10th Daimyō of Nisshōji Domain
- In office 1844–1868
- Monarchs: Shōgun Tokugawa Ieyoshi; Tokugawa Iesada; Tokugawa Iemochi; Tokugawa Yoshinobu;
- Preceded by: Ichihashi Nagatomi
- Succeeded by: < position abolished >

Imperial Governor of Nishiōji
- In office 1869–1871
- Monarch: Emperor Meiji

Personal details
- Born: July 21, 1821
- Died: January 17, 1882 (aged 60)
- Parent: Sakai Tadakata (father);

= Ichihashi Nagakazu =

Last Daimyō of the Nisshōji domain

Ichihashi Nagakazu (市橋長和) was the 10th (and final) daimyō of Nisshōji Domain in Bakumatsu period Japan and was the 11th hereditary chieftain of the Ichihashi clan.
Before the Meiji Restoration, his courtesy title was Oki-no-kami, and his Court rank was Senior Fourth Rank.

==Biography==
Ichihashi Nagakazu was the fourth son of Sakai Tadakata, daimyō of Shōnai Domain in northern Japan.

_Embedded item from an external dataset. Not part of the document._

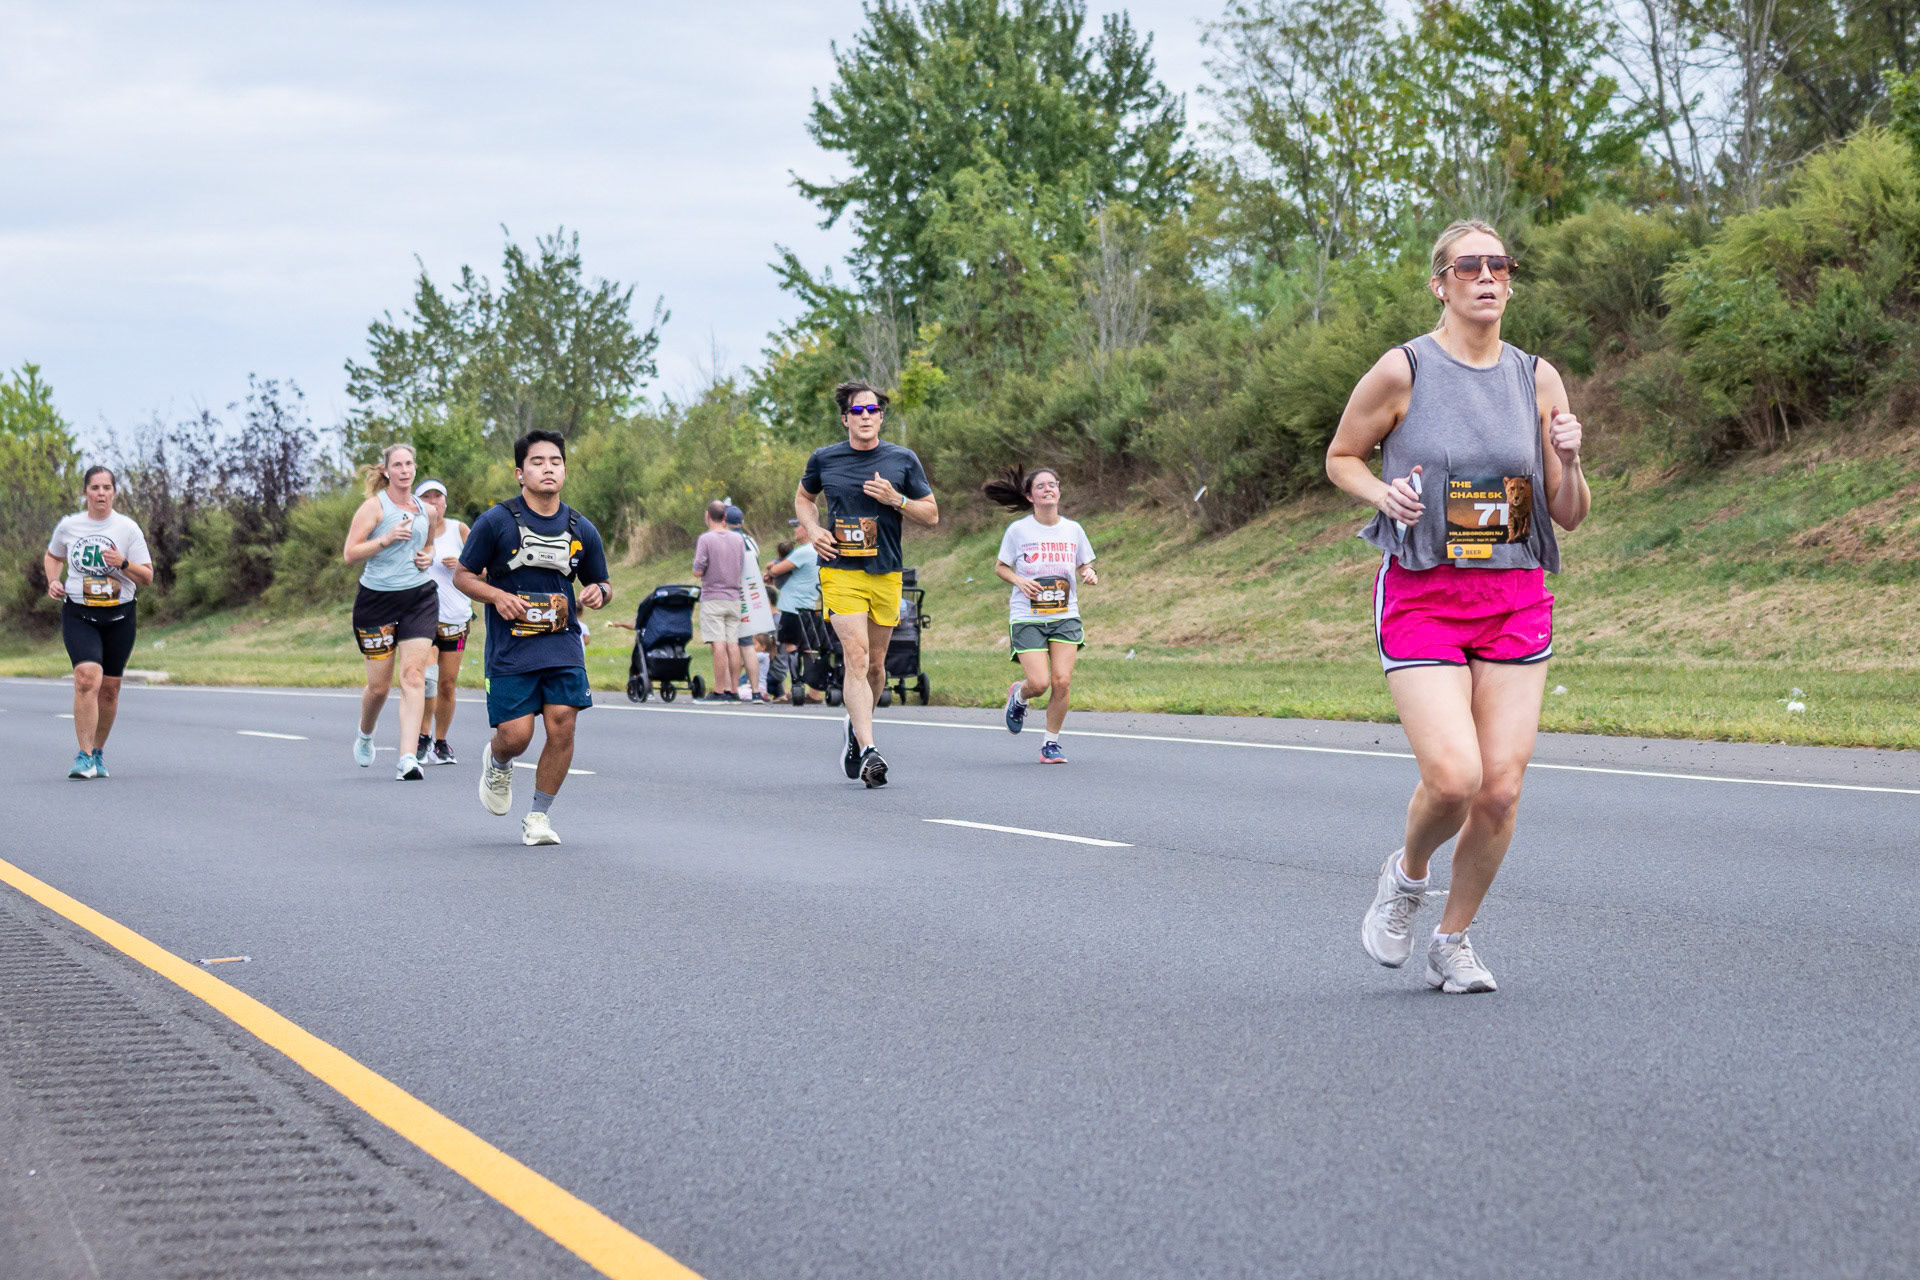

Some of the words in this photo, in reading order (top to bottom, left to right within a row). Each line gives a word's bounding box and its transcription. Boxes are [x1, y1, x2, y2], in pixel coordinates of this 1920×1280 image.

He was adopted as heir to Ichihashi Nagatomi of Nisshōji Domain in 1843 and was received in formal audience by Shogun Tokugawa Iemochi in the following year. Ichihashi Nagatomi retired a few weeks afterwards, and he became daimyō, initially with the courtesy title of Shimōsa-no-kami. Following the Perry Expedition in 1853, the country was plunged into turmoil, and foreseeing the high probability of conflict in the near future, he turned the domain's resources into the production of gunpowder. In 1862, he formally changed the domain's name from Nisshiōji Domain to Nishiōji Domain (西大路藩). In December 1867, he pledged fealty to the new Meiji government and was ordered to seize control of the territories in Ōmi Province belonging to Kawagoe Domain, which had remained loyal to the Tokugawa. He later requested to be excepted from further military service due to the small size of his army, but the request was denied. In 1868, he was assigned to the guard of Emperor Meiji when the emperor transferred his seat from Kyoto to Edo, now newly re-named Tokyo. In 1869 he became imperial governor of Nishiōji until the abolition of the han system in 1871. He relocated to Tokyo, where he resided until his death in 1882. His grave is at the clan bodaiji of Nansen-ji in Nishinipppori in Arakawa, Tokyo.